A Stranger is Watching is a 1982 American thriller film directed by Sean S. Cunningham. The screenplay was written by Earl Mac Rauch and Victor Miller, based on the 1977 novel of the same name by Mary Higgins Clark.

==Plot==
Steve Peterson's wife, Nina is murdered in front of their young daughter Julie. Three years later, Julie and Peterson's new girlfriend Sharon Martin are kidnapped by the same killer, the psychotic Artie Taggart. Taggart imprisons them in a bunker below Grand Central Station, throwing the police into a race against time to save them.

==Cast==
- Kate Mulgrew as Sharon Martin
- Rip Torn as Artie Taggart
- James Naughton as Steve Peterson
- Shawn von Schreiber as Julie Peterson
- Barbara Baxley as Lally
- Stephen Joyce as Detective Taylor
- James Russo as Ronald Thompson
- Frank Hamilton as Bill Lufts
- Maggie Task as Mrs. Lufts
- Roy Poole as Walter Kurner
- Maurice Copeland as Roger Perry
- Eleanor Phelps as Glenda Perry
- Joanne Dorian as Nina Peterson
- Stephen Strimpell as Detective Marlowe
- David Allen Brooks as Big Bum
- William Hickey as Maxi
- Jennie Ventriss as Kathy Green

== Development ==
The film's script was written by Earl Mac Rauch and Victor Miller, based on the novel by the same name by Mary Higgins Clark. Filming took place in New York City during 1981. Kate Mulgrew and Rip Torn were both confirmed as starring in the film.

== Release ==
A Stranger is Watching premiered in the United States on January 22, 1982.

==Critical reception==
Critical reception for the film was generally negative. Stephen Hunter of The Baltimore Sun was critical, stating that "Cunningham is close to being a film illiterate" and that "Cunningham and his cinematographer Barry Abrams (who should never be allowed to work again) attempt to play up the spooky, shadowy terror of this nightworld. What they create instead is a murky, grainy mess."
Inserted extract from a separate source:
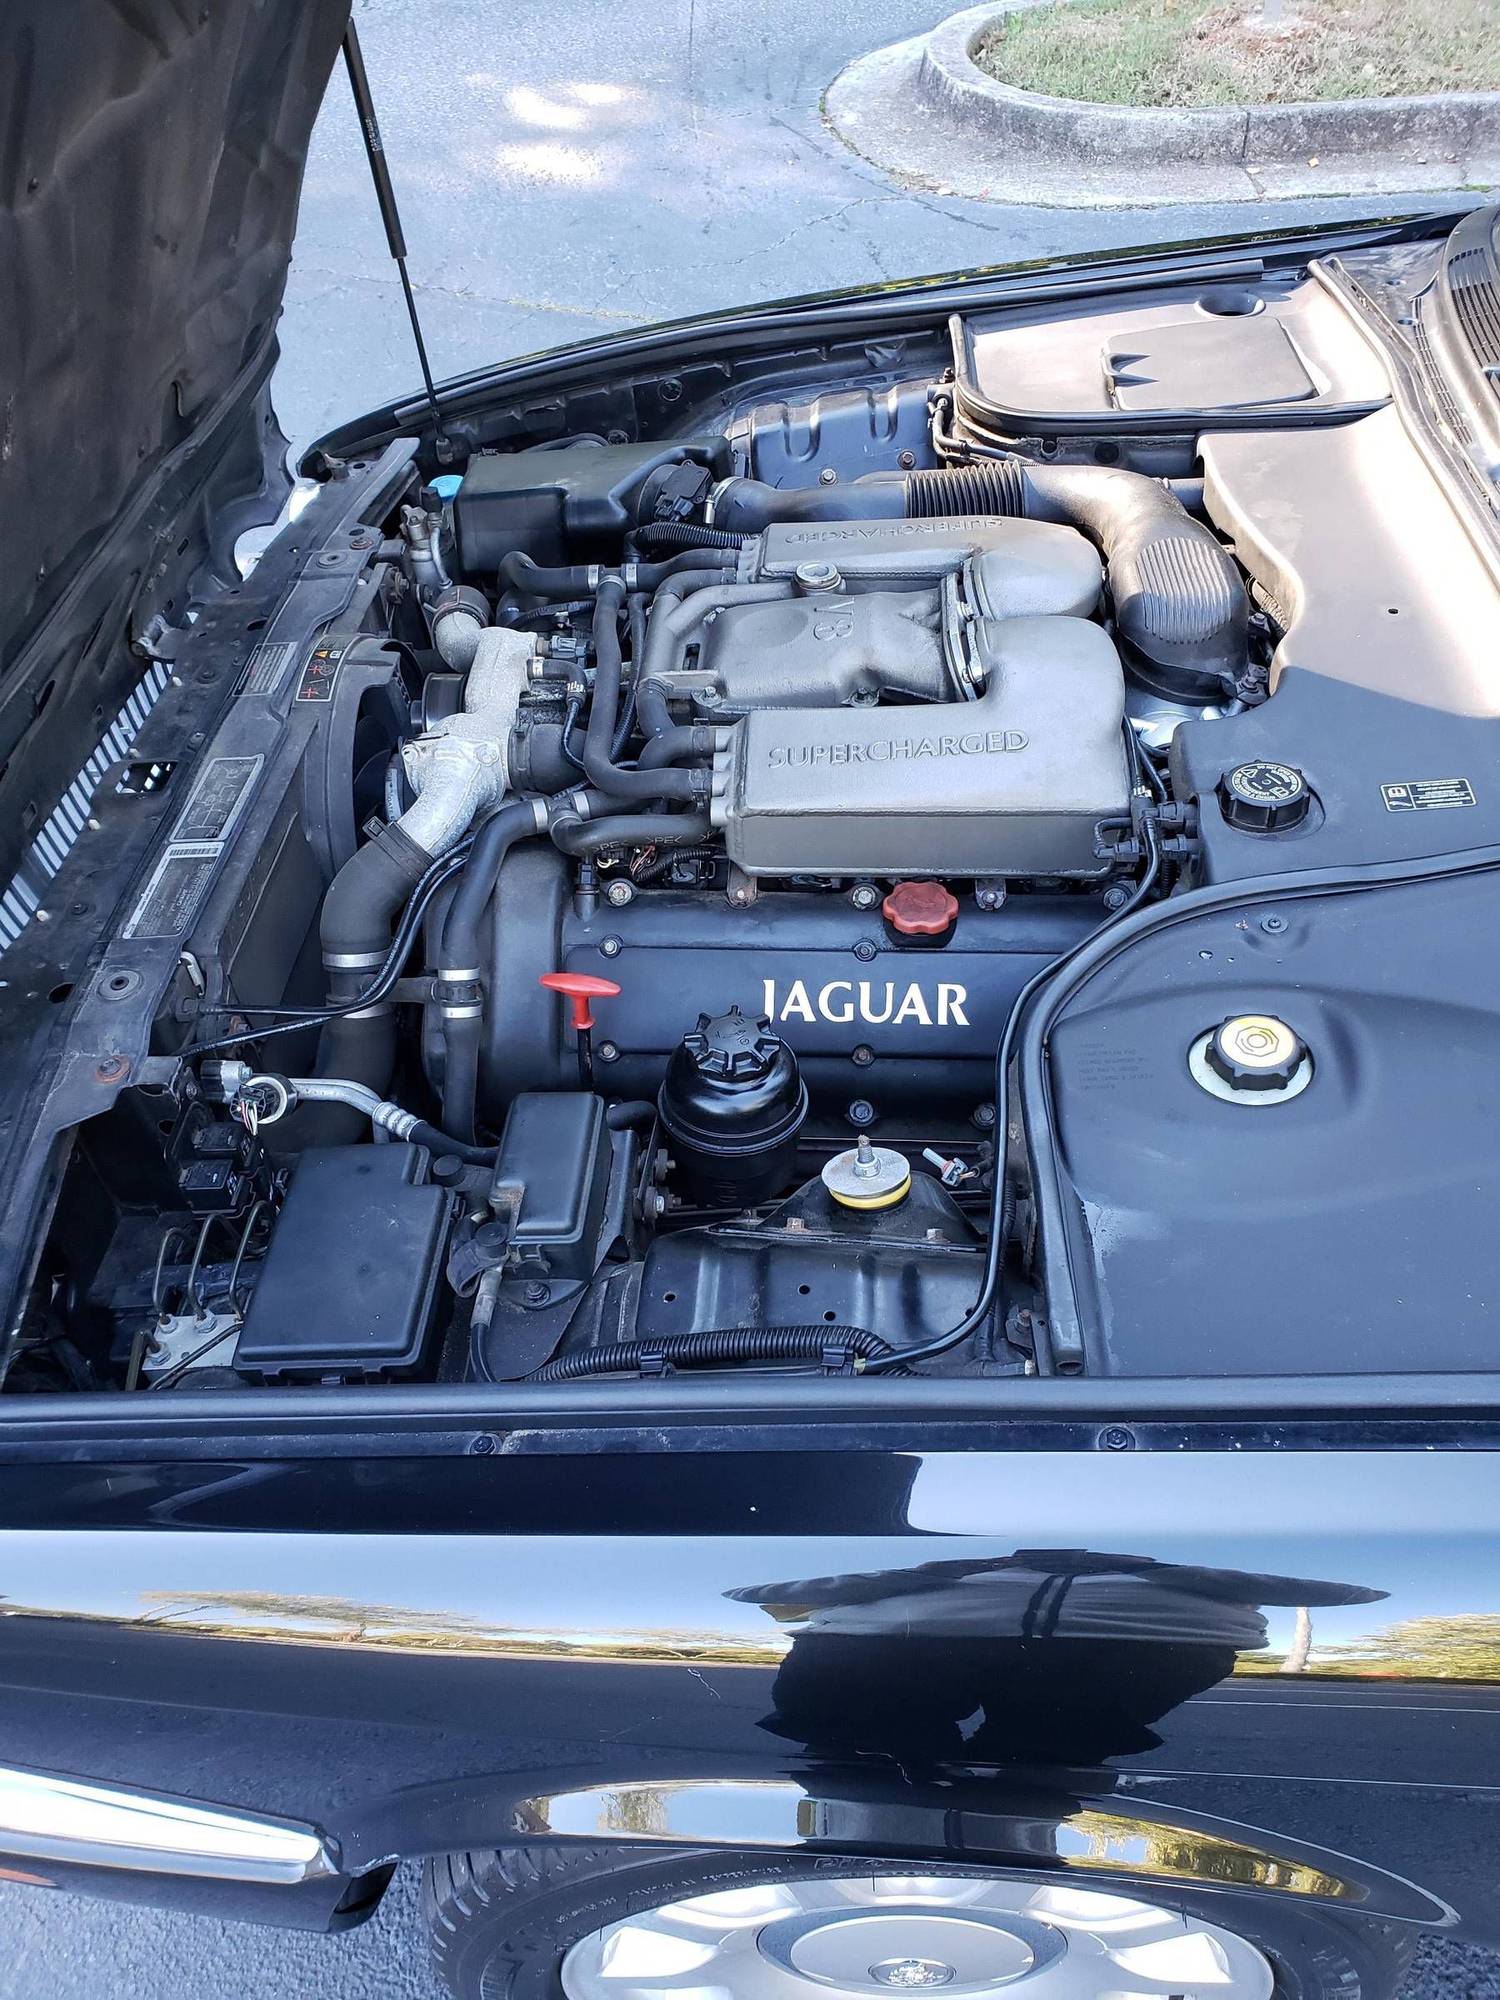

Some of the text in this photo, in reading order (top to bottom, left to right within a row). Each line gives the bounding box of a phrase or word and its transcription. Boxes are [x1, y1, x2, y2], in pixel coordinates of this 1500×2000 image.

Allmovie was more favorable, writing "Sean Cunningham's first post-Friday the 13th film was shrugged off by most critics, but it is better than its reputation might lead one to believe." Janet Maslin of The New York Times thought the film is "a lot better" than Friday the 13th, and noted: "The story offers a few surprises, and the bowels of the railway station are scenic, in their grubby way."